While Medicaid and CHIP have helped bring the rate of uninsured children to the lowest level in more than two decades, an estimated five million uninsured children are thought to be eligible for one of these programs, yet not covered.

The Secretary's Challenge: Connecting Kids to Coverage, launched last year, will continue support efforts to reach more children by providing leaders with critical information and support as they work to insure more children in their communities and by closely monitoring progress.

"States' continued progress toward enrolling all eligible children in coverage is a significant step in cushioning the recession's impact on access to health insurance," said Cindy Mann, director of the Center for Medicaid CHIP, and Survey & Certification within the Centers for Medicare & Medicaid Services (CMS). "As families lose employment or have their hours cut back they may lose the health coverage benefit that came with that job. If not for these two programs, millions more children would go without critical health care services."

In its second annual report on CHIP and Medicaid enrollment, CMS notes that:

. More than 2 million children gained Medicaid or CHIP coverage during federal fiscal year 2010 (October 1, 2009 - September 30, 2010). In total, Medicaid and CHIP served more than 42 million children last year. This steady increase in enrollment is evidence of the important role that Medicaid and CHIP play for children, especially during economic downturns. The uninsured rate for children continues to decline at a time with the rate for adults is climbing. The increase in children's enrollment demonstrates that Medicaid and CHIP are serving the purpose for which they were created - providing high quality health coverage for lower-income families.

. Thirteen states implemented eligibility expansions in 2010 and many others simplified their enrollment and renewal procedures. Forty-six states and the District of Columbia now cover children with incomes up to 200 percent of the federal poverty level (FPL) in Medicaid and CHIP; with 24 of those states and the District of Columbia covering children with incomes up to 250 percent of the FPL. Twenty-one states now offer coverage to lawfully residing immigrant children and/or pregnant women, enabling states to receive federal funding for this coverage.
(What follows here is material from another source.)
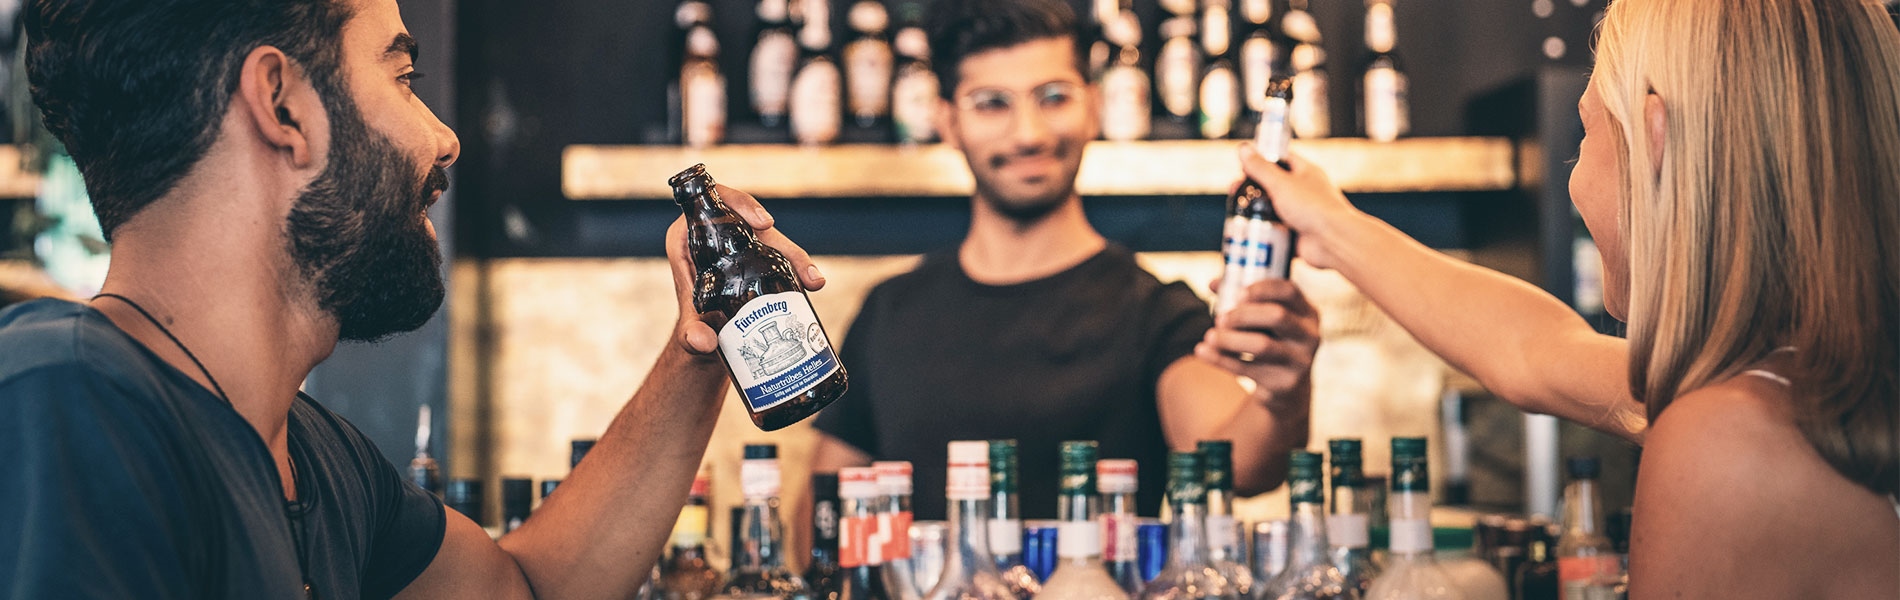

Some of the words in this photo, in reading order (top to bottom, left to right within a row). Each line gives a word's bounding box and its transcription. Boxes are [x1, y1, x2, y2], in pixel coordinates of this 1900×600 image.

[734, 301, 788, 333] Fürstenberg
[760, 371, 803, 395] Naturtrübes
[802, 359, 823, 374] Helles
. CHIPRA Performance Bonuses have encouraged states to adopt and augment simplification measures in Medicaid and CHIP. Fifteen states qualified for a total of $206 million in performance bonuses for FY 2010; this is a significant increase over 2009 where 10 states received bonuses totaling $75 million. These bonuses provide additional federal financial support each year to states that successfully boost enrollment above target levels among previously eligible but uninsured children in Medicaid. To qualify, a state not only has to enroll more children, but must also have implemented program features that are designed to promote enrollment of eligible children.
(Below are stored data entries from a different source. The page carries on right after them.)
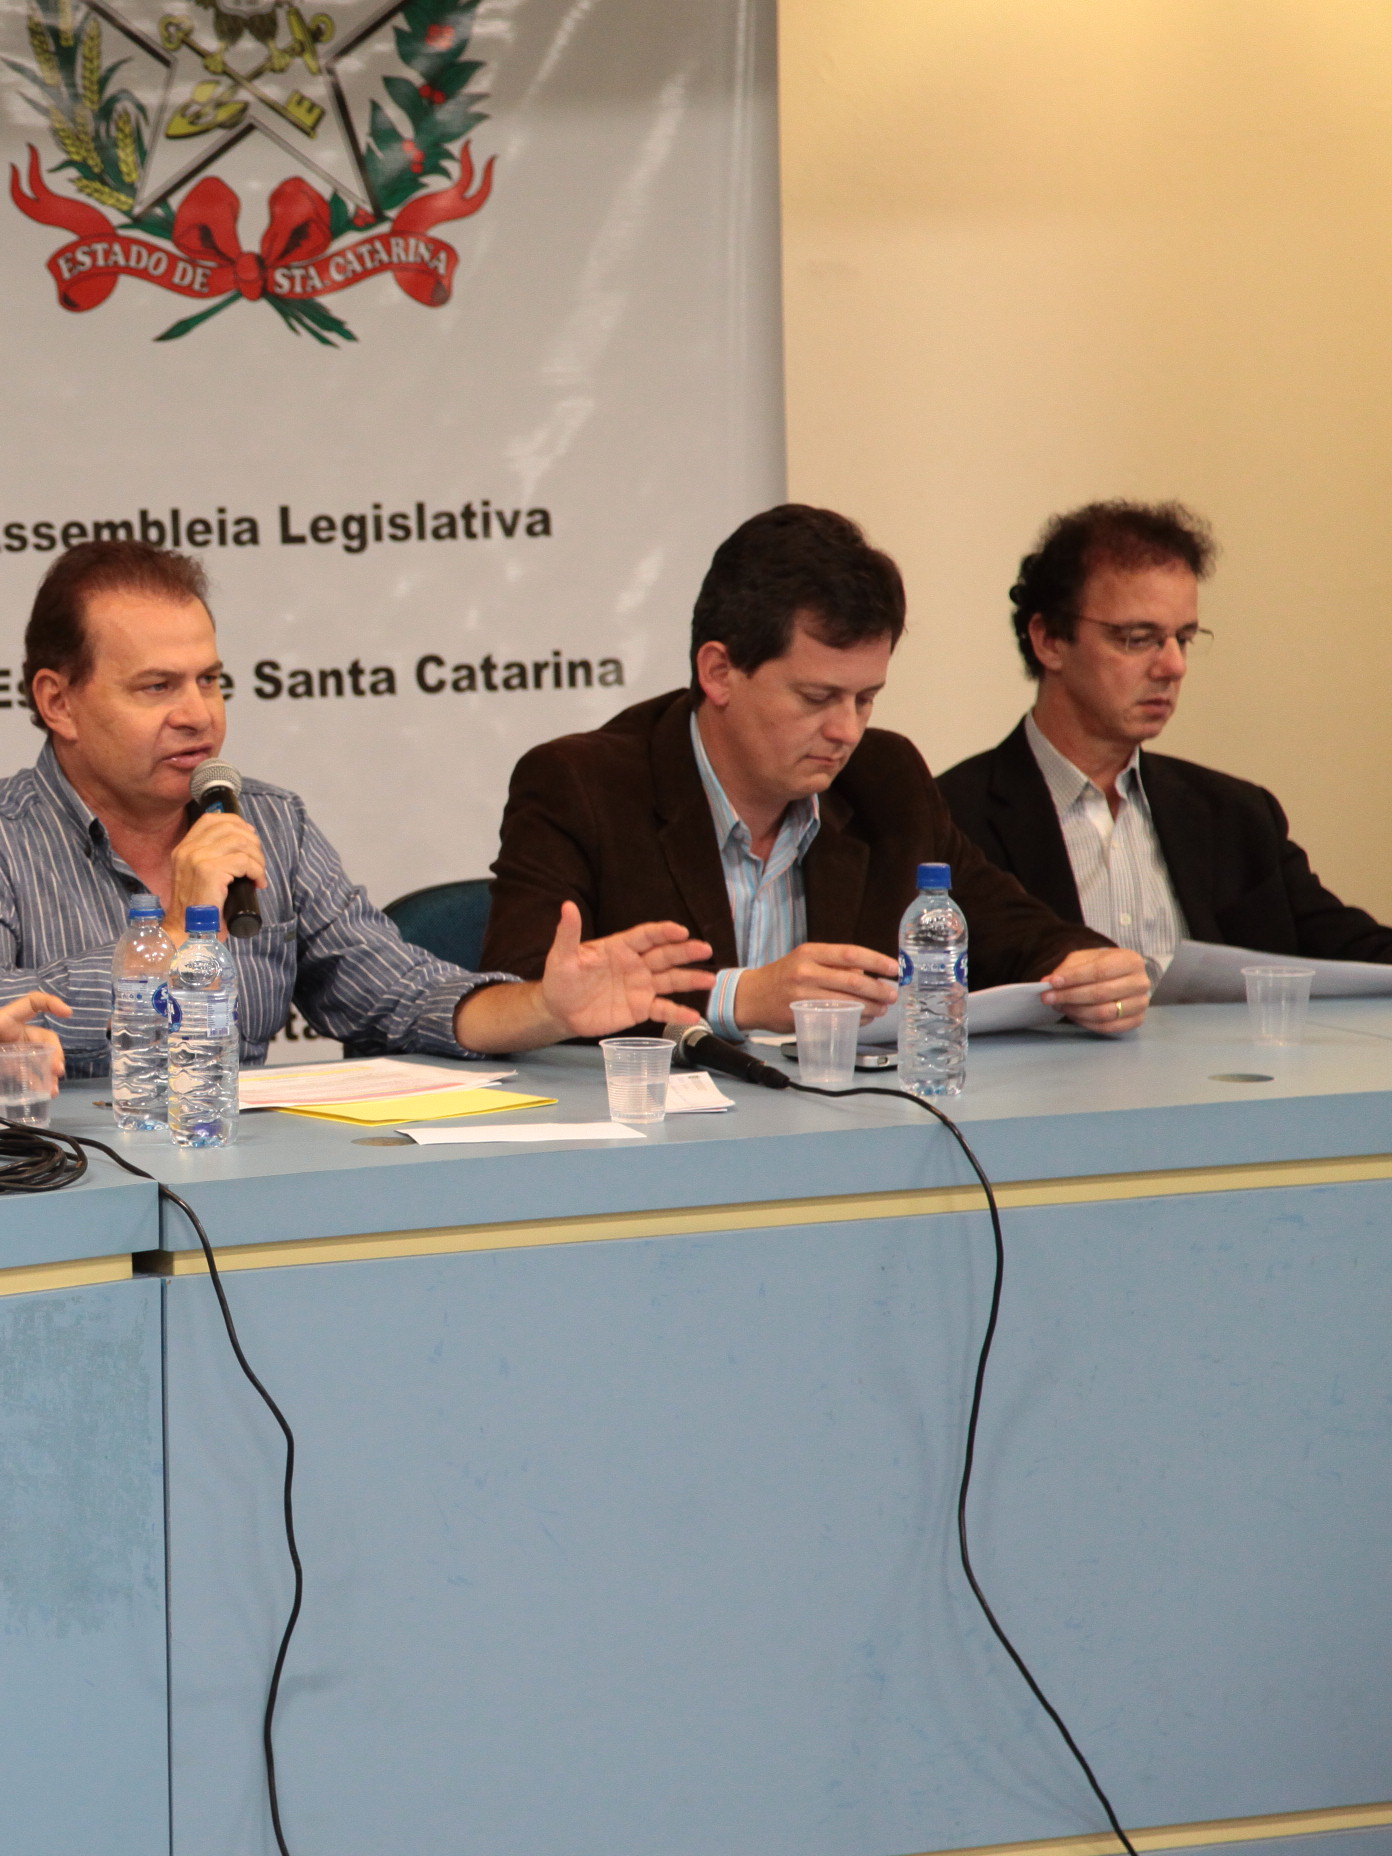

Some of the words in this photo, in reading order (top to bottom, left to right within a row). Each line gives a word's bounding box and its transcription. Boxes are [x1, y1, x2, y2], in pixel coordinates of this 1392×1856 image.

[58, 241, 169, 280] ESTADO
[172, 266, 211, 293] DE
[278, 500, 553, 553] Legislativa
[254, 659, 397, 700] Santa
[415, 651, 625, 694] Catarina
. States are increasing their use of technology to facilitate children's enrollment and retention. Nearly two-thirds of states (32) have an on-line application that can be submitted electronically; 29 states allow electronic signatures on those applications. Six states have received approval to enroll children through the "Express Lane Eligibility" option created by CHIPRA. Express lane eligibility allows states to use data gathered for other programs such as housing assistance or food stamps to determine Medicaid or CHIP eligibility. And 33 states are utilizing the CHIPRA data matching process provided by the Social Security Administration to confirm U.S. citizenship for children.

. Outreach and enrollment grants have advanced coverage and led to public-private partnerships throughout the country to enroll more children. Sixty-eight grantees across 41 States and the District of Columbia are working diligently to facilitate children's enrollment in health coverage.